▽

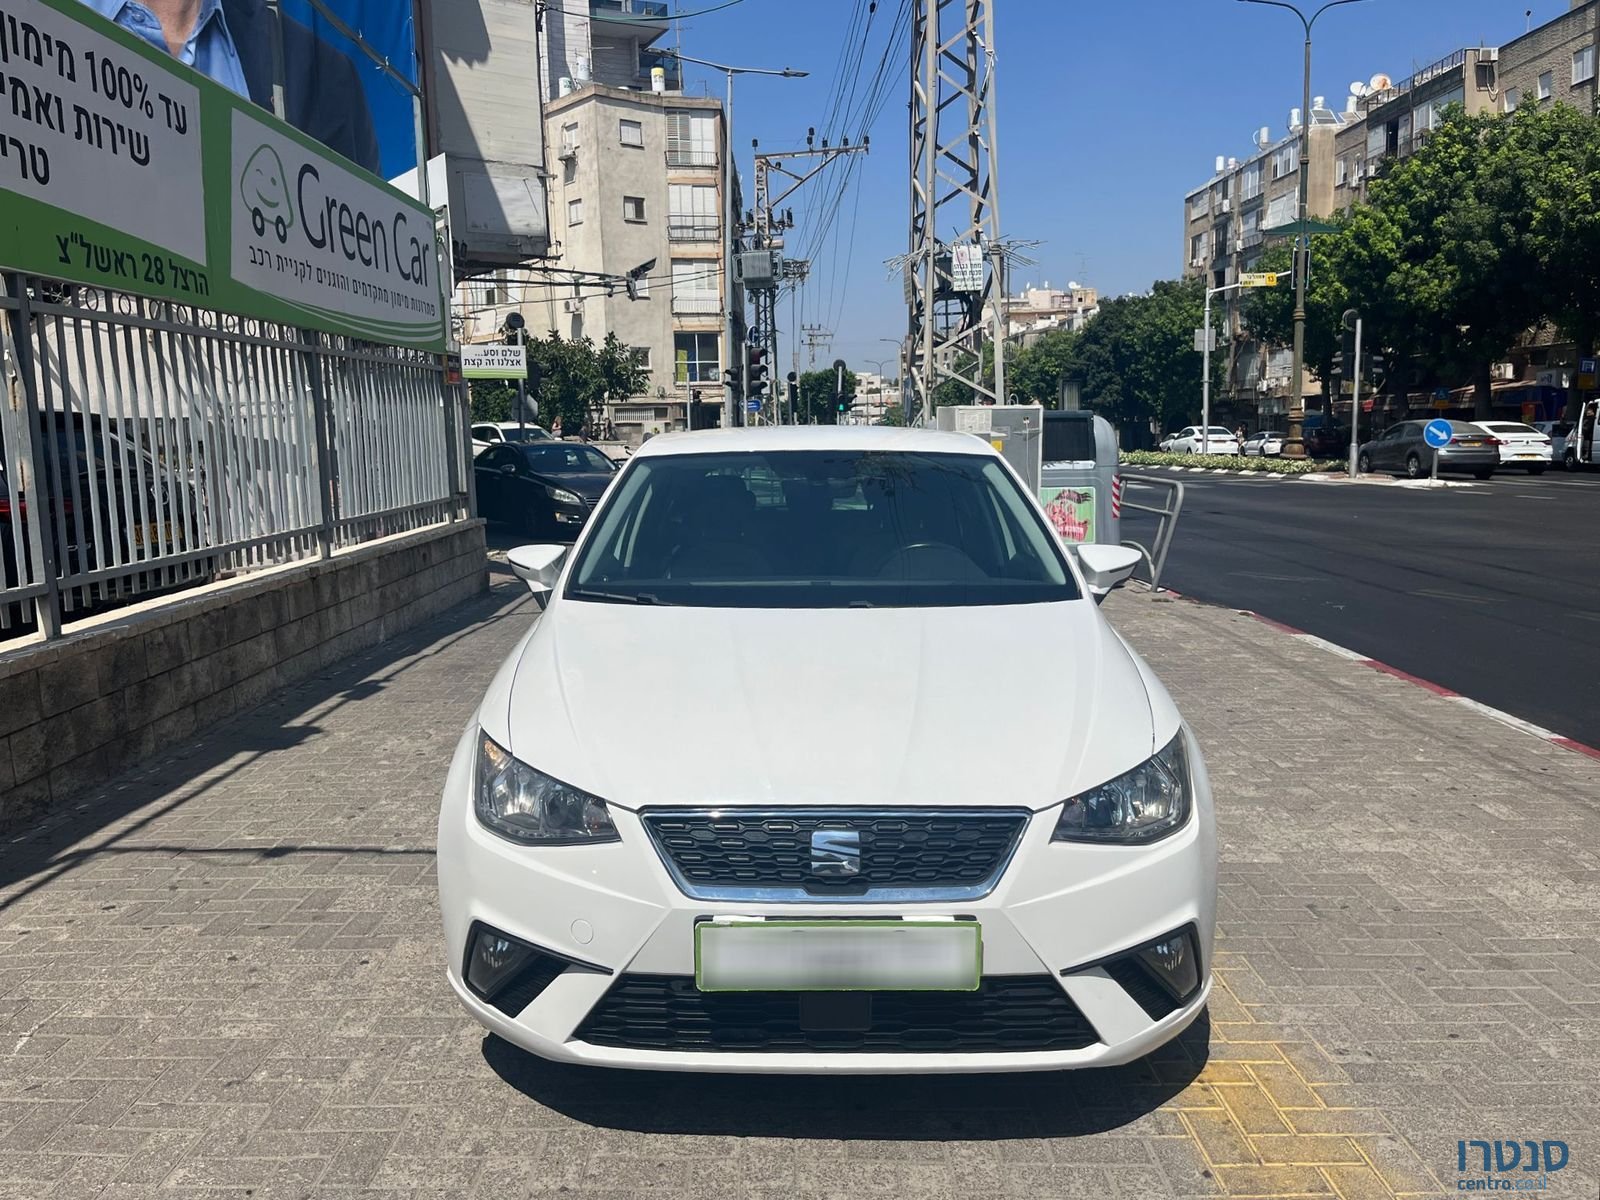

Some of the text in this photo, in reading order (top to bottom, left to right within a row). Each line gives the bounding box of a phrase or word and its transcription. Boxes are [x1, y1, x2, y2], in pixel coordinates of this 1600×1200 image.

[0, 10, 187, 135] עד 100% מימון
[73, 103, 150, 166] שירות
[297, 163, 429, 287] Green Car
[141, 252, 165, 286] 28
[168, 257, 209, 297] הרצל
[248, 245, 436, 317] פתרונות מימון מתקדמים והוגנים לקניית רכב
[464, 357, 521, 368] אצלנו זה קצת
[501, 348, 521, 357] שלם

△

• **Task prompt**
Copy the material exactly. Do not include the pictures.

• **Answer section**
Some of the text in this photo, in reading order (top to bottom, left to right within a row). Each line gives the bounding box of a phrase or word and its transcription. Boxes are [x1, y1, x2, y2], in pixel coordinates of this 1600×1200 image.

[0, 10, 187, 135] עד 100% מימון
[73, 103, 150, 166] שירות
[297, 163, 429, 287] Green Car
[141, 252, 165, 286] 28
[168, 257, 209, 297] הרצל
[248, 245, 436, 317] פתרונות מימון מתקדמים והוגנים לקניית רכב
[464, 357, 521, 368] אצלנו זה קצת
[501, 348, 521, 357] שלם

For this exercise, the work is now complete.